Set the data down exactly as it stands, and keep its pictures out.

(Text-to-region grounding data)
┄┄┄┄┄┄┄┄┄┄┄┄┄┄┄┄┄┄┄┄
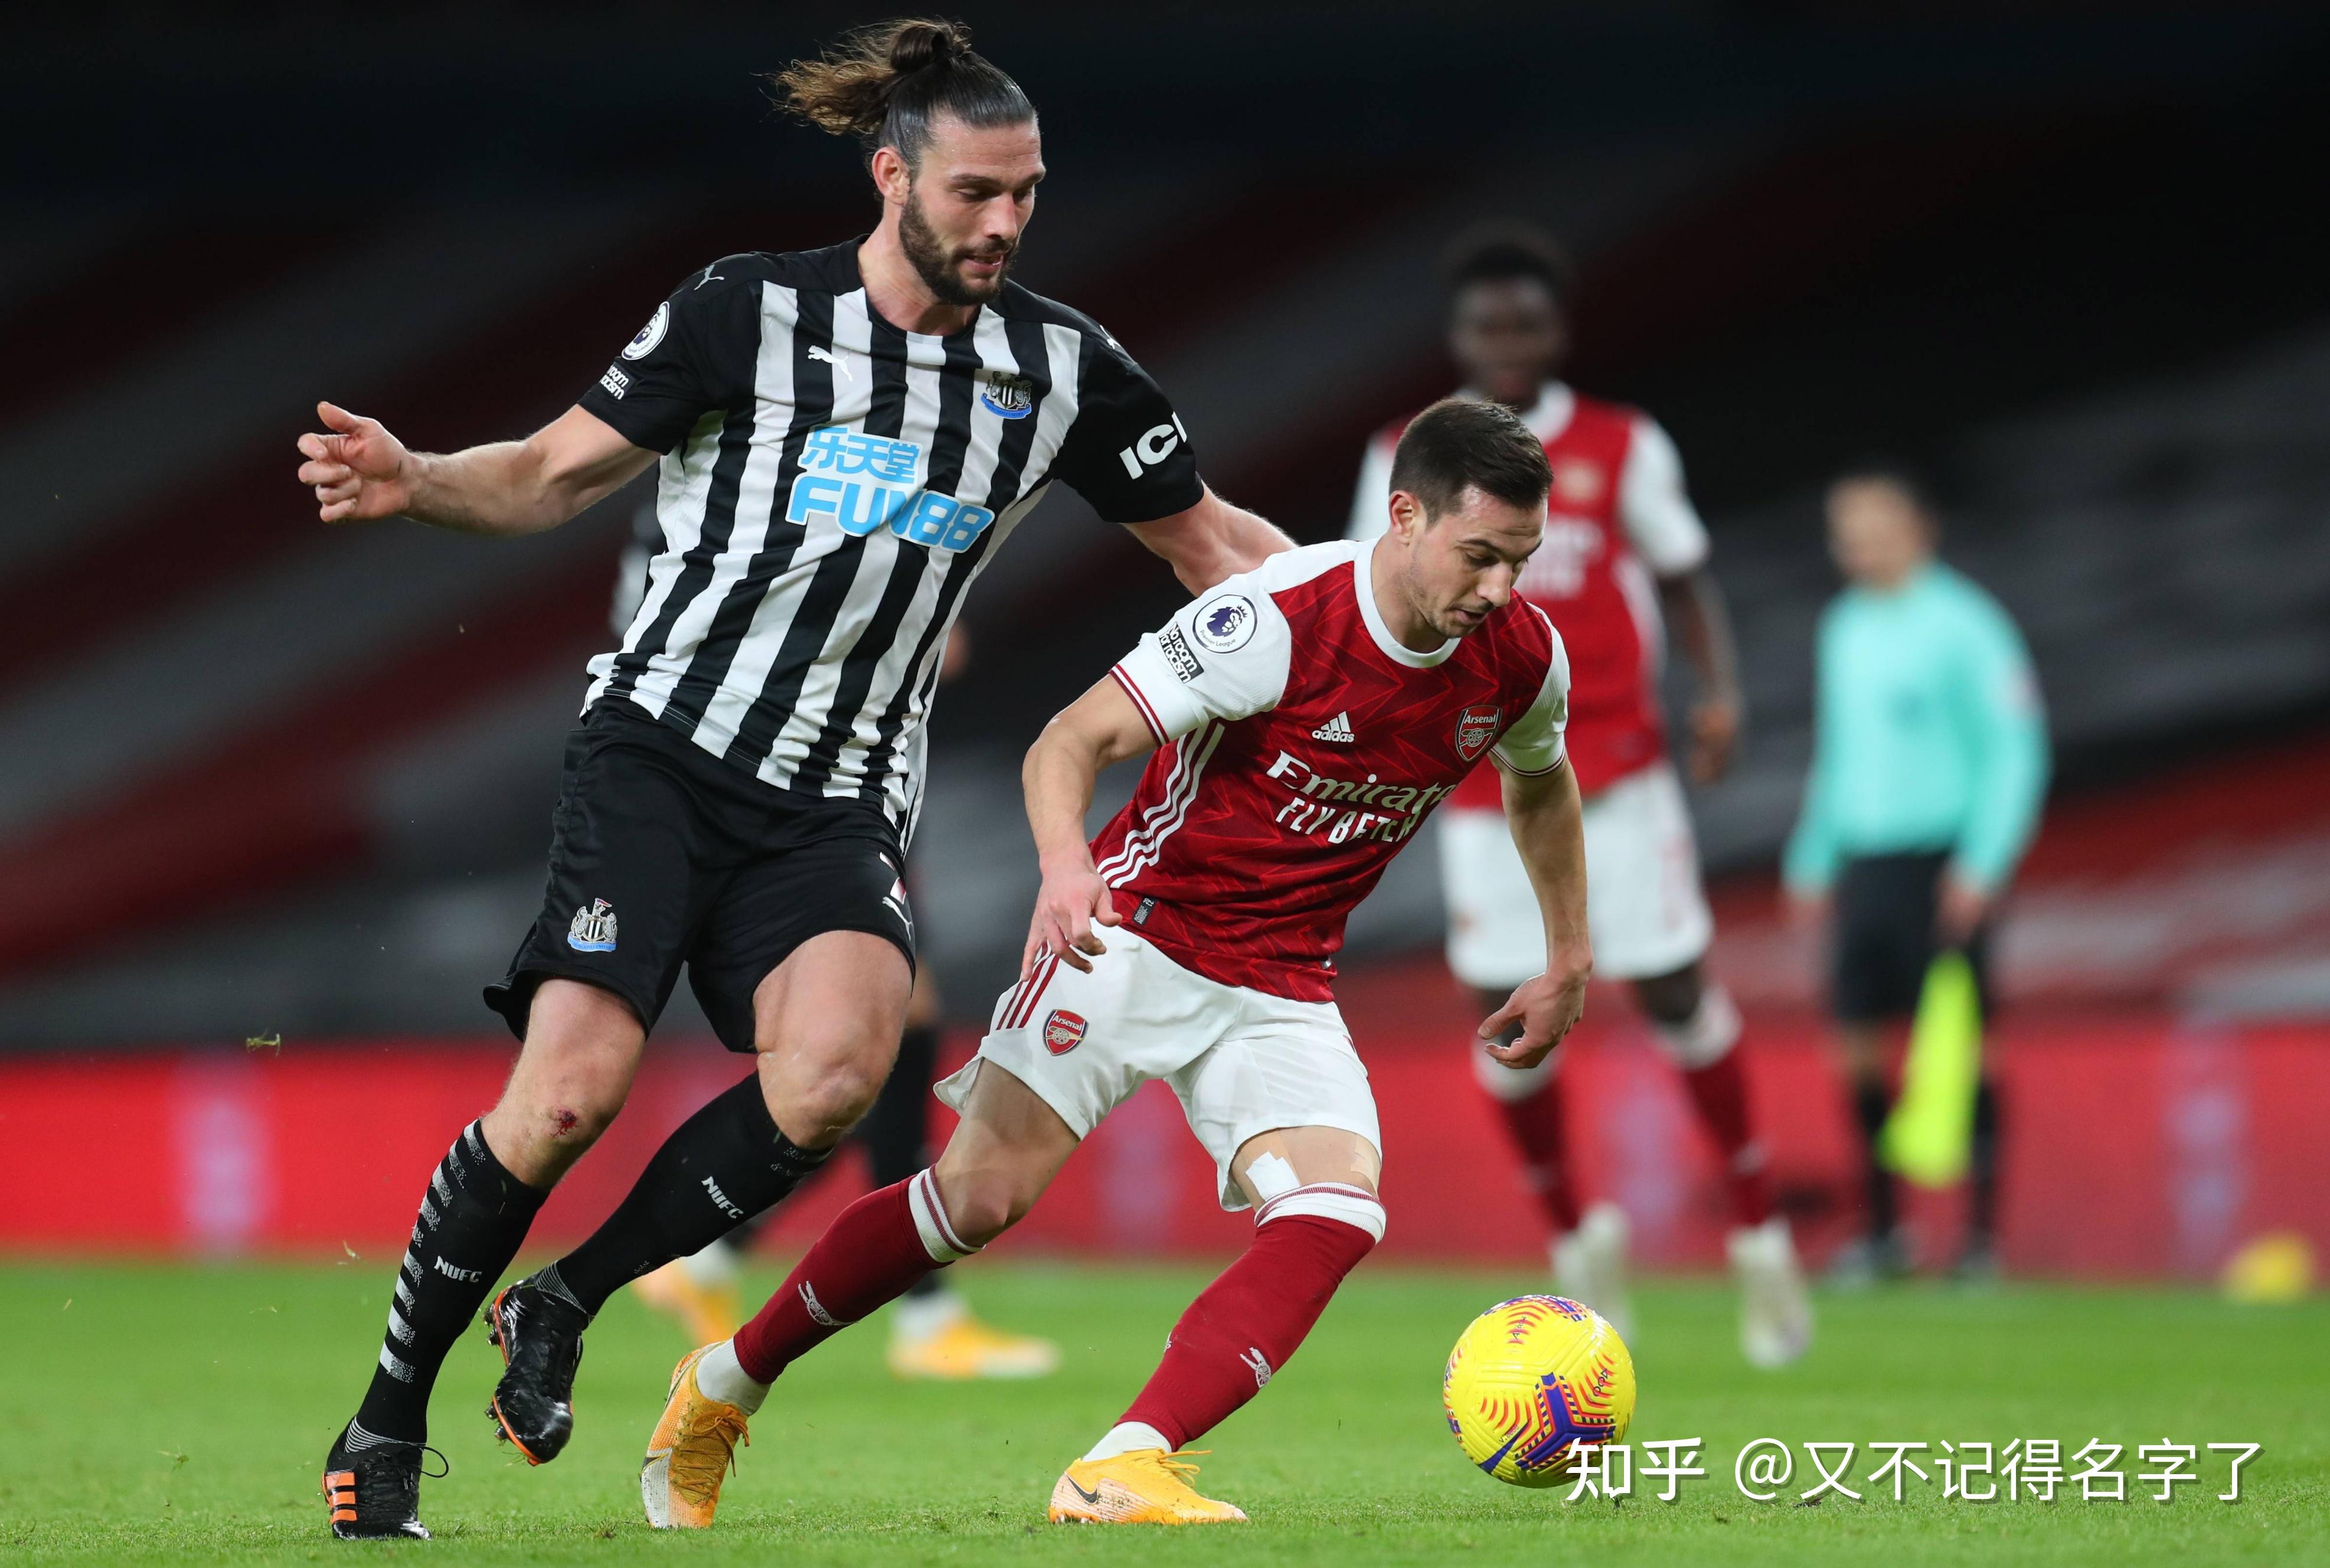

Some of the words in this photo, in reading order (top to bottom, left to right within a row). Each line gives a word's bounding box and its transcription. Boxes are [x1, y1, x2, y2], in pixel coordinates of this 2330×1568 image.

[800, 426, 920, 484] 乐天堂
[789, 475, 993, 551] FUN88
[1172, 638, 1198, 672] room
[1215, 639, 1236, 647] League
[1163, 643, 1191, 684] racism
[1312, 729, 1355, 743] adidas
[1463, 714, 1496, 724] Arsenal
[1275, 797, 1336, 835] FLY
[1052, 1015, 1082, 1031] Arsenal
[701, 1176, 744, 1219] NUFC
[434, 1255, 482, 1283] NUFC
┄┄┄┄┄┄┄┄┄┄┄┄┄┄┄┄┄┄┄┄
§ **Task solution**
Some of the words in this photo, in reading order (top to bottom, left to right within a row). Each line gives a word's bounding box and its transcription. Boxes are [x1, y1, x2, y2], in pixel coordinates of this 2330×1568 image.

[800, 426, 920, 484] 乐天堂
[789, 475, 993, 551] FUN88
[1172, 638, 1198, 672] room
[1215, 639, 1236, 647] League
[1163, 643, 1191, 684] racism
[1312, 729, 1355, 743] adidas
[1463, 714, 1496, 724] Arsenal
[1275, 797, 1336, 835] FLY
[1052, 1015, 1082, 1031] Arsenal
[701, 1176, 744, 1219] NUFC
[434, 1255, 482, 1283] NUFC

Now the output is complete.